Loving the smiles

So fun, Hope is showing her teeth again. She pulled out her NG this am and has been smiling ever since. Too cute. The seizures continue for sure but there are brief smiles and little coo's in between.

Nothing new

Nothing new here. Hope is still having seizures that are too numerous to count, still coughing and sputtering with her cold, and occasionally vomitting. Ashley is quiet and content with lovely little smiles when we hold her. Brodie is full of way too much energy, and hopefully expending it at school right now.

Brod & Ash playing

A little snapshot of 'game night' the other day. Alex does a very cute, 'little Ashley' voice as he pretends to get Ashley playing rebound with Brodie. Brodie talks right back to her, 'it's your turn, Ashley', just as if she's really playing. Very fun.

Hope has been crying, seizing or sleeping today. No smiles.

EEG yesterday

Yesterday, Hope was hooked up to the EEG machine for about five hours while I pushed a button every time I saw a seizure (and then I wrote down a description). Which means that the new plan of not paying attention to the seizures, was out the window by 0830. I was pushing that button every three minutes at least.

The purpose of the EEG was to confirm what is and what is not a seizure. The result is that she has A LOT of seizures, and I should just go back to the plan of not paying attention to them, unless she is bothered by them.

She's still very snuffly and coughing a lot. She sounds and looks pretty sick, hopefully this cold will go away soon. She's still drinking from the bottle sometimes, but I'm using the NG (tube in the nose) for meds.

Hope I have some smiles to report soon.

Seizures are the 'norm'

The seizures continue, although Hope is now eating from a bottle more consistently and we see an occasional smile. We met with the doctors and case-coordinators today to make a plan for Hope. Basically, I have to stop thinking that I have any control what-so-ever in regards to the seizures. She's going to have them and I have to stop worrying about what I'm supposed to do about it.

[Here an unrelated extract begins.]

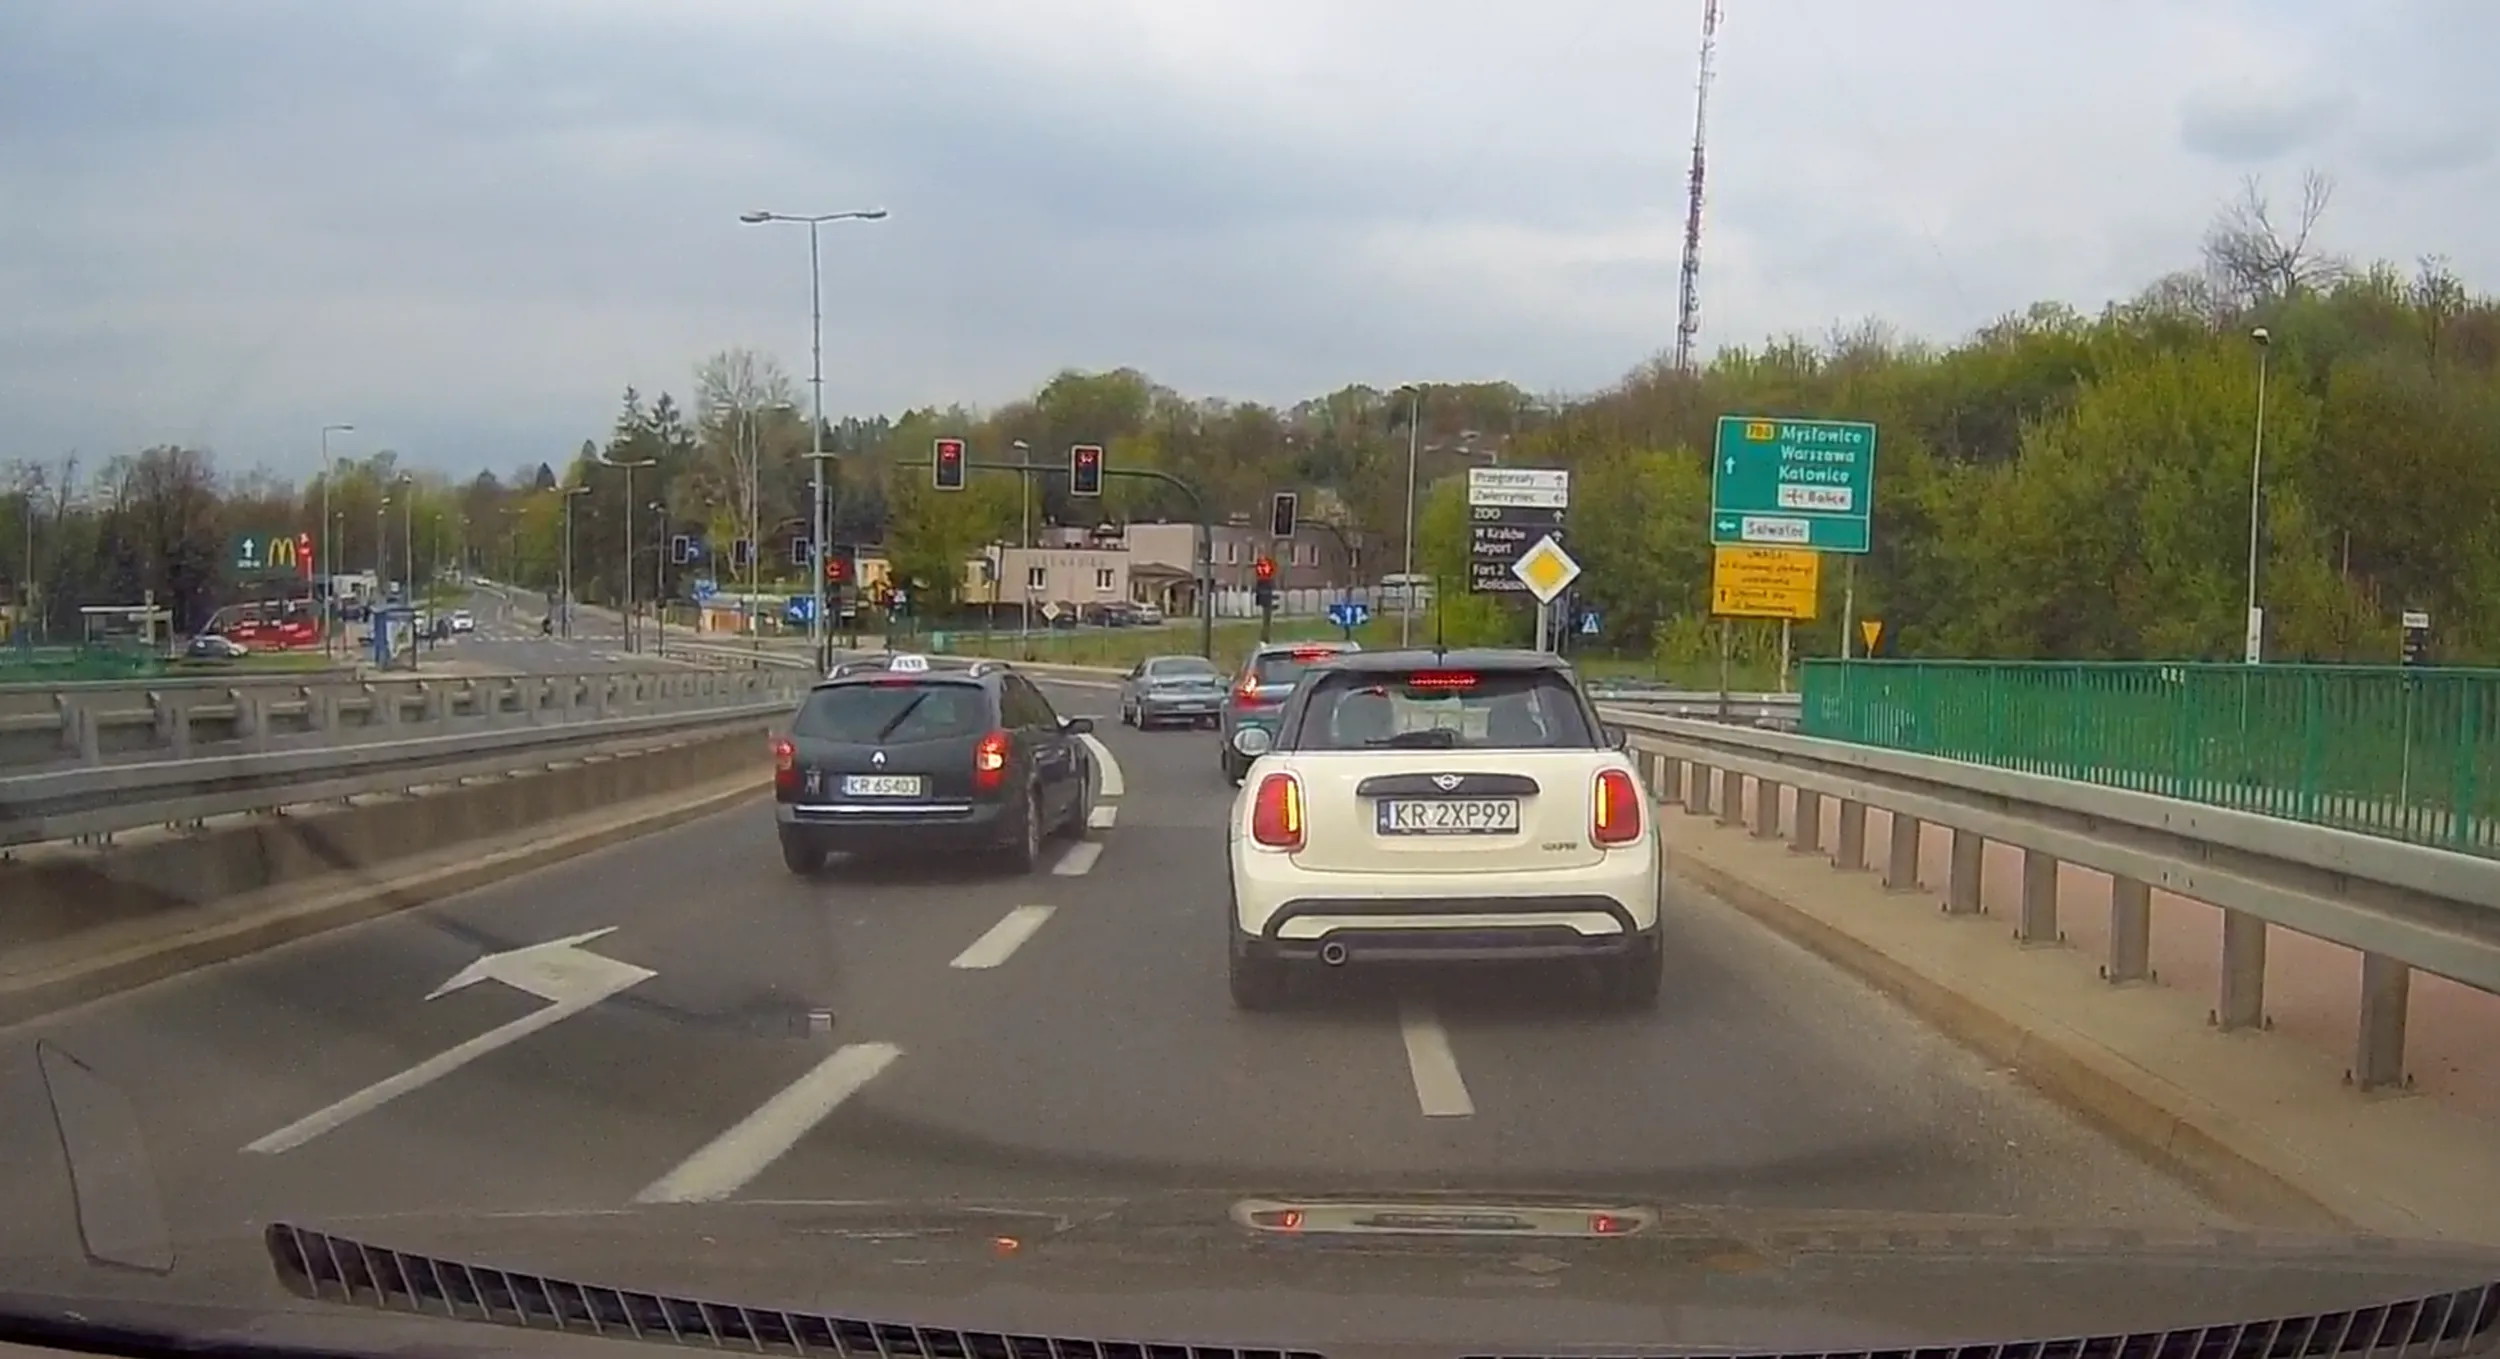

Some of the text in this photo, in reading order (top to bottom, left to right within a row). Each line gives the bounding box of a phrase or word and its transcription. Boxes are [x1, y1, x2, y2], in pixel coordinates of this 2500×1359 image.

You may think we were already at that point. But when you see her come out of an extremely bad episode and start smiling and cooing again, one can't help but want to do more to keep her with us. Unfortunately, there isn't much to do, so it really is time to let go and let her be as she is. We're still aiming for comfort care, which still means trying to stop the seizures but I can stop charting every second, and stop wondering if we should bring her into hospital or call the doctors again. This should be a relief, but I just feel like I have to resign myself to watching her deteriorate. Not an easy thing to accept.

Happy Thanksgiving

Yeah!!! We got out of the house, to enjoy a family day at the Allen's farm. Hope was crying the entire time she was getting ready, but once she was in the van she settled and enjoyed the ride. She took her first bottle by mouth today and kept it down, so we gave her formula by bottle for the rest of the day. Very exciting. She slept most of the day and then woke up to drink another bottle and have a few brief seizures. Then she blessed us with a lovely little, lopsided smile (still paralyzed on her left side). Even more exciting.

Then we got home and she started crying shortly after. Followed by a few scary looking seizures that resulted in a dose of Midazolam (to stop the seizures). Now she's sleeping, and she looks quite peaceful again. I'ld say it was a pretty good Thanksgiving Day.

Happy Thanksgiving everyone!

Sleeping

This morning she's sleeping, snoring even! The extreme crying lasted till about 8:30pm last evening and after that it was a lower intensity on and off. I really, really, really hope this does not become the norm. Alex and I are wondering if the Midazolam had anything to do with it, because that would be the first time she's had it. But the doctor on-call last night said it shouldn't do that. Who knows, I'm just glad to see her calm and sleeping.